Your goal:
Skip the pictures. Give all the data again exactly.

*** Begin section ***

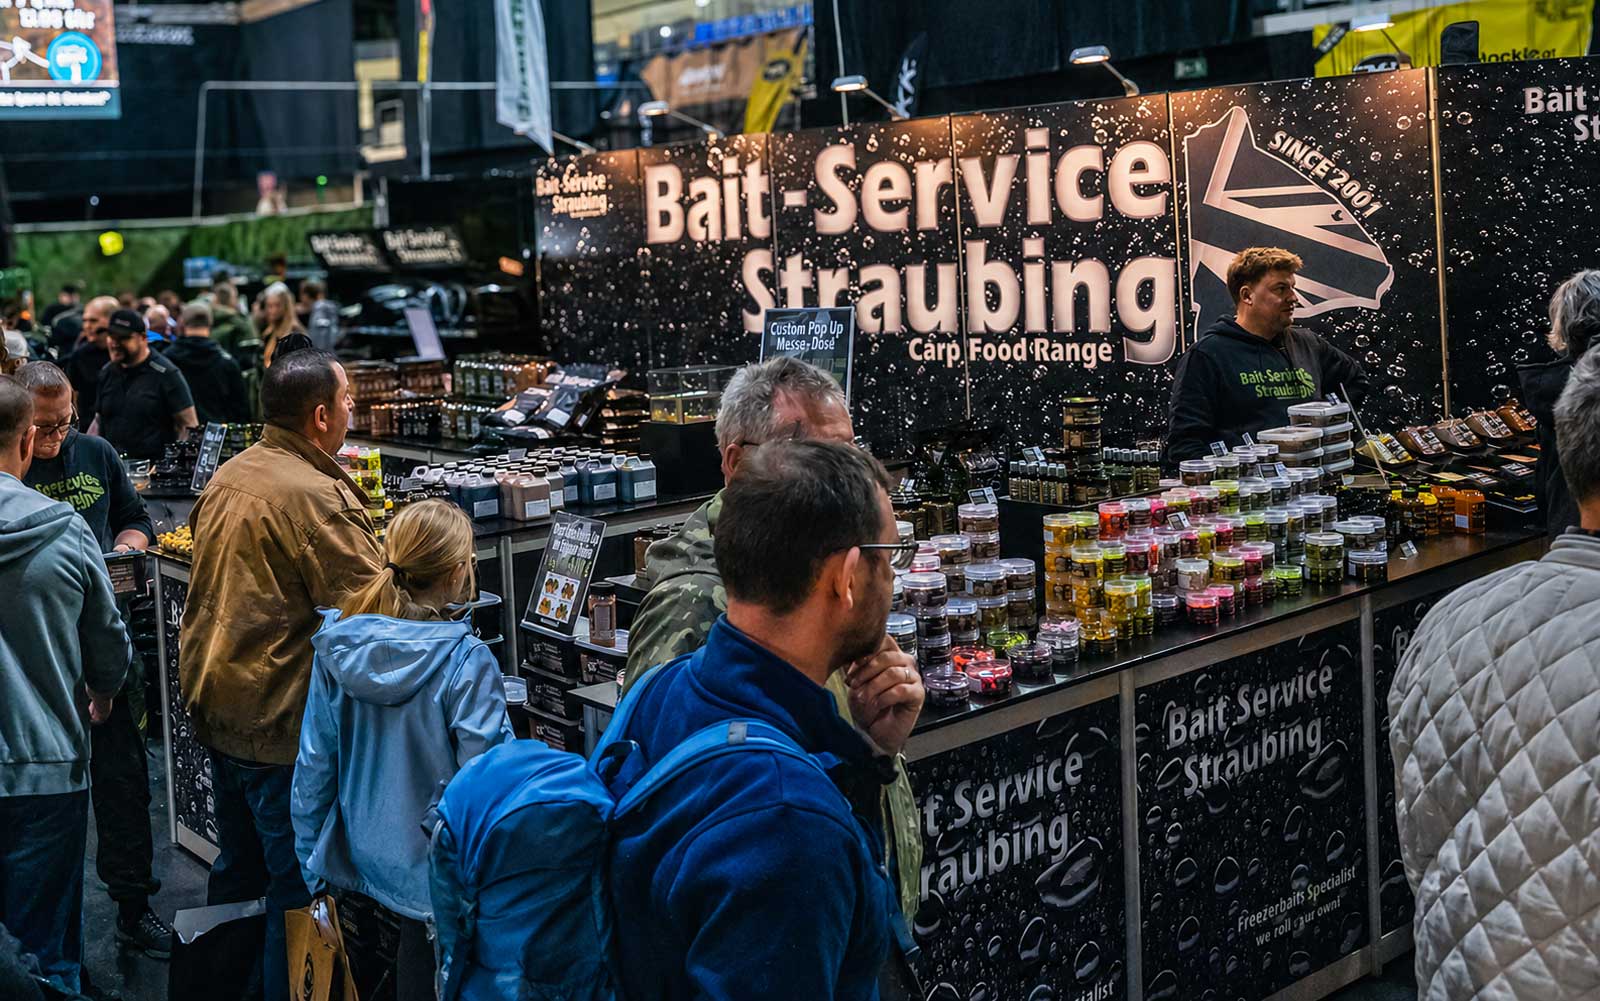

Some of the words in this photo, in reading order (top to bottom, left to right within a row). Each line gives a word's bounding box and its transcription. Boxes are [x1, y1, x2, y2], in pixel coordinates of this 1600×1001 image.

[644, 127, 1171, 244] Bait-Service
[1267, 130, 1336, 180] SINCE
[1327, 168, 1383, 219] 2001
[742, 237, 1177, 365] Straubing
[770, 321, 806, 336] Custom
[808, 320, 828, 339] Pop
[829, 320, 844, 339] Up
[776, 336, 836, 351] Messe-Dose
[908, 337, 961, 368] Carp
[969, 338, 1027, 362] Food
[1033, 338, 1113, 369] Range
[1168, 695, 1229, 750] Bait
[1236, 665, 1333, 726] Service
[953, 751, 1083, 829] Service
[1183, 717, 1322, 797] Straubing
[920, 813, 1069, 902] raubing
[1238, 891, 1305, 933] Freezerbaits
[1307, 865, 1356, 901] Specialist
[1255, 931, 1271, 947] we
[1274, 916, 1291, 938] roll
[1317, 895, 1341, 917] own!
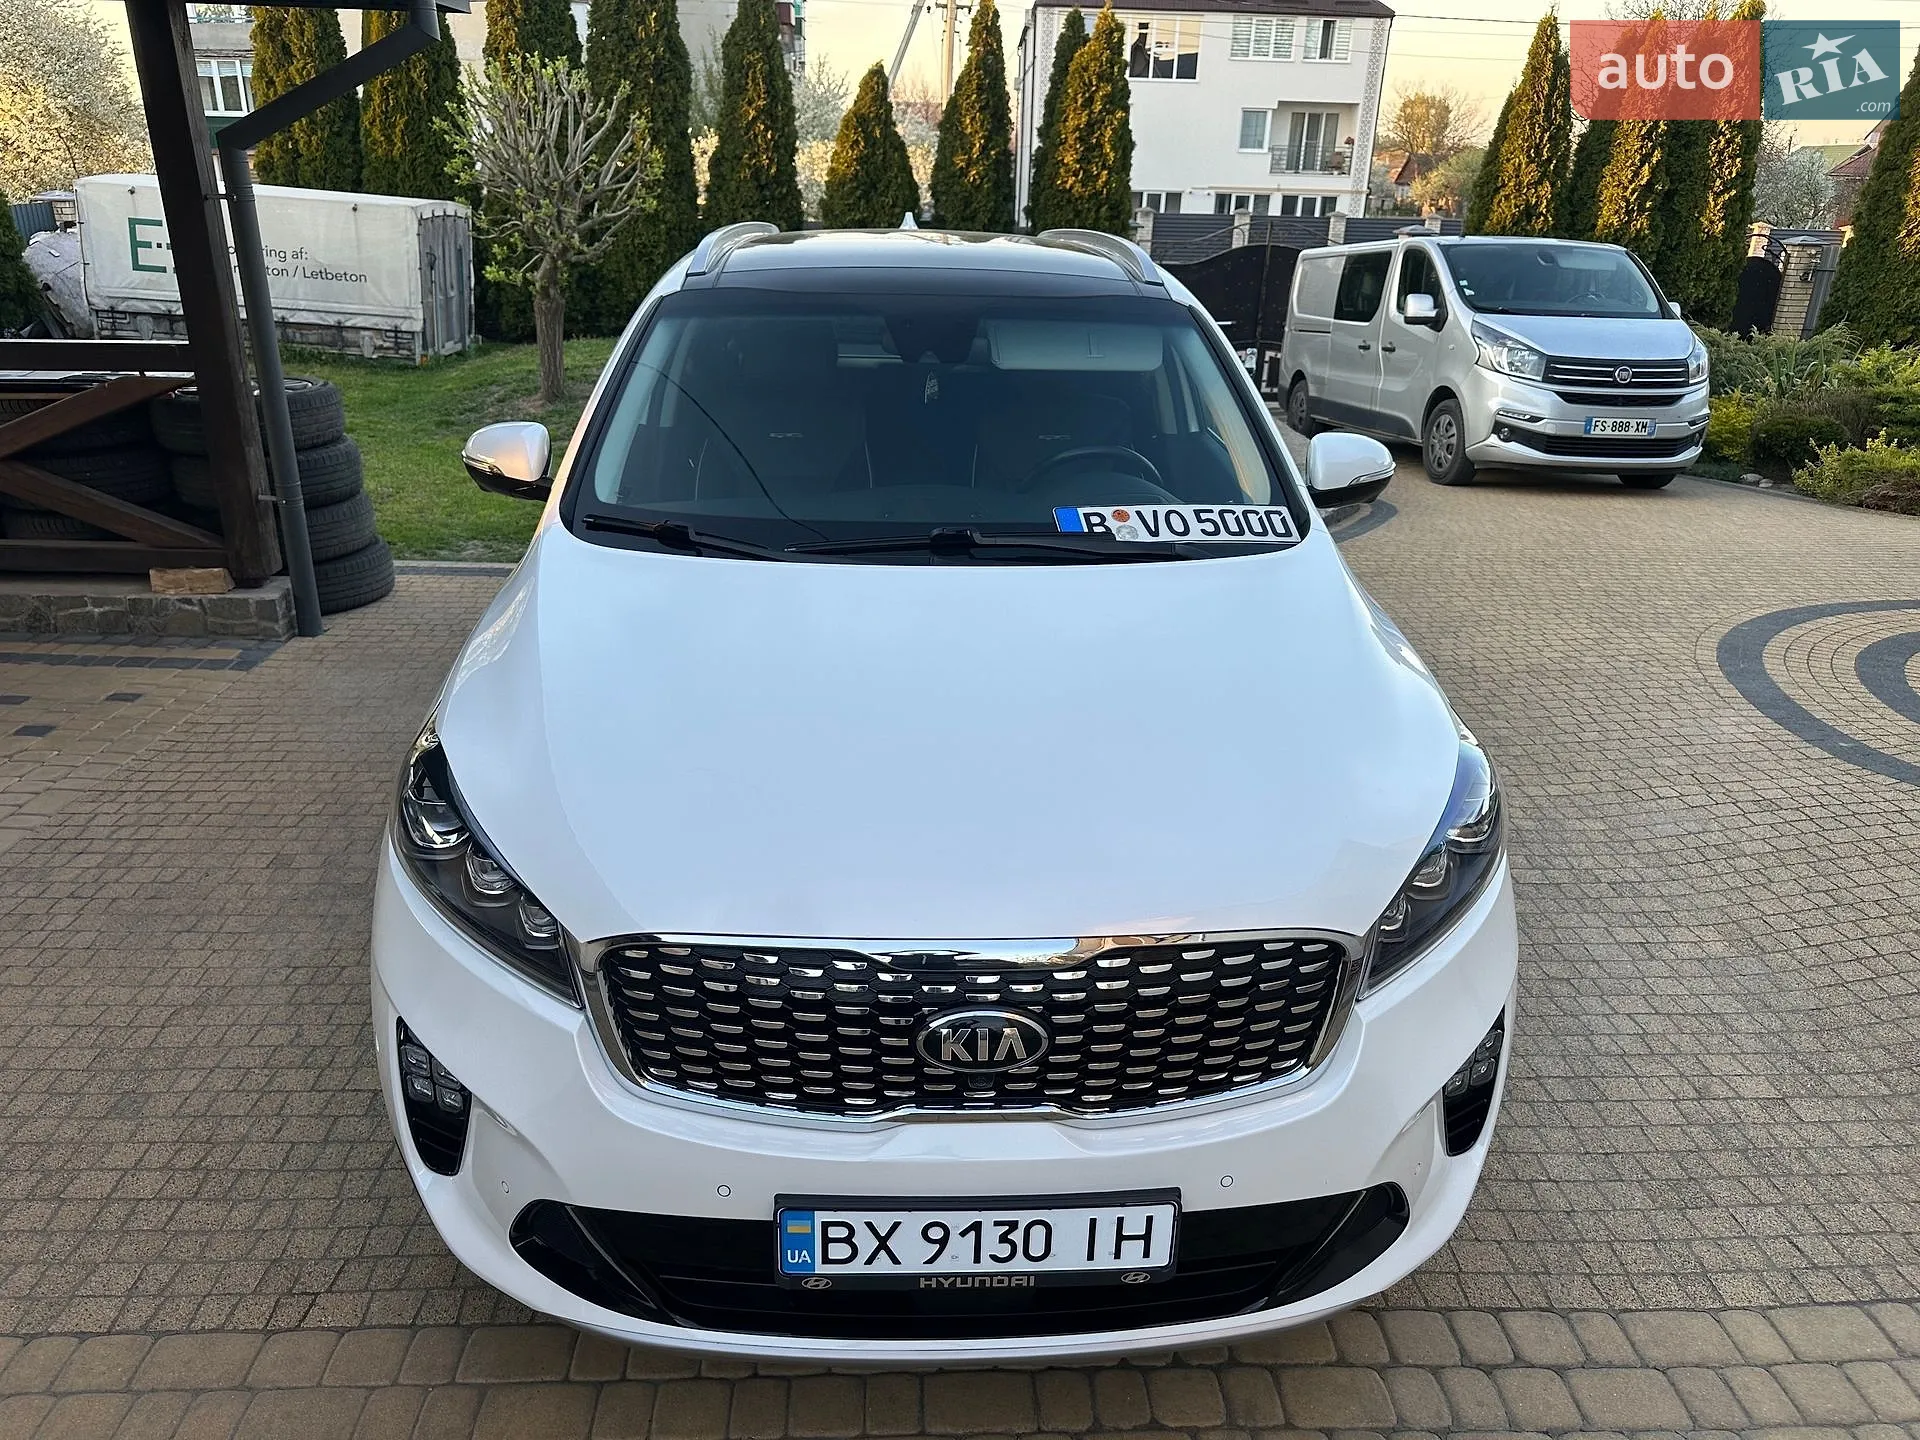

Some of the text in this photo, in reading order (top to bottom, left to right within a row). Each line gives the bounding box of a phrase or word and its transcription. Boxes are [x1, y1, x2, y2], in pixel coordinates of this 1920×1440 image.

*** End section ***

Answer box:
Some of the words in this photo, in reading order (top to bottom, left to right within a row). Each line gives a word's bounding box and its transcription. Boxes are [x1, y1, x2, y2], in pixel coordinates of this 1600×1001 image.

[644, 127, 1171, 244] Bait-Service
[1267, 130, 1336, 180] SINCE
[1327, 168, 1383, 219] 2001
[742, 237, 1177, 365] Straubing
[770, 321, 806, 336] Custom
[808, 320, 828, 339] Pop
[829, 320, 844, 339] Up
[776, 336, 836, 351] Messe-Dose
[908, 337, 961, 368] Carp
[969, 338, 1027, 362] Food
[1033, 338, 1113, 369] Range
[1168, 695, 1229, 750] Bait
[1236, 665, 1333, 726] Service
[953, 751, 1083, 829] Service
[1183, 717, 1322, 797] Straubing
[920, 813, 1069, 902] raubing
[1238, 891, 1305, 933] Freezerbaits
[1307, 865, 1356, 901] Specialist
[1255, 931, 1271, 947] we
[1274, 916, 1291, 938] roll
[1317, 895, 1341, 917] own!

Some of the text in this photo, in reading order (top to bottom, left to right within a row). Each line gives the bounding box of a phrase or word and its transcription. Boxes are [x1, y1, x2, y2], in pixel coordinates of this 1920×1440 image.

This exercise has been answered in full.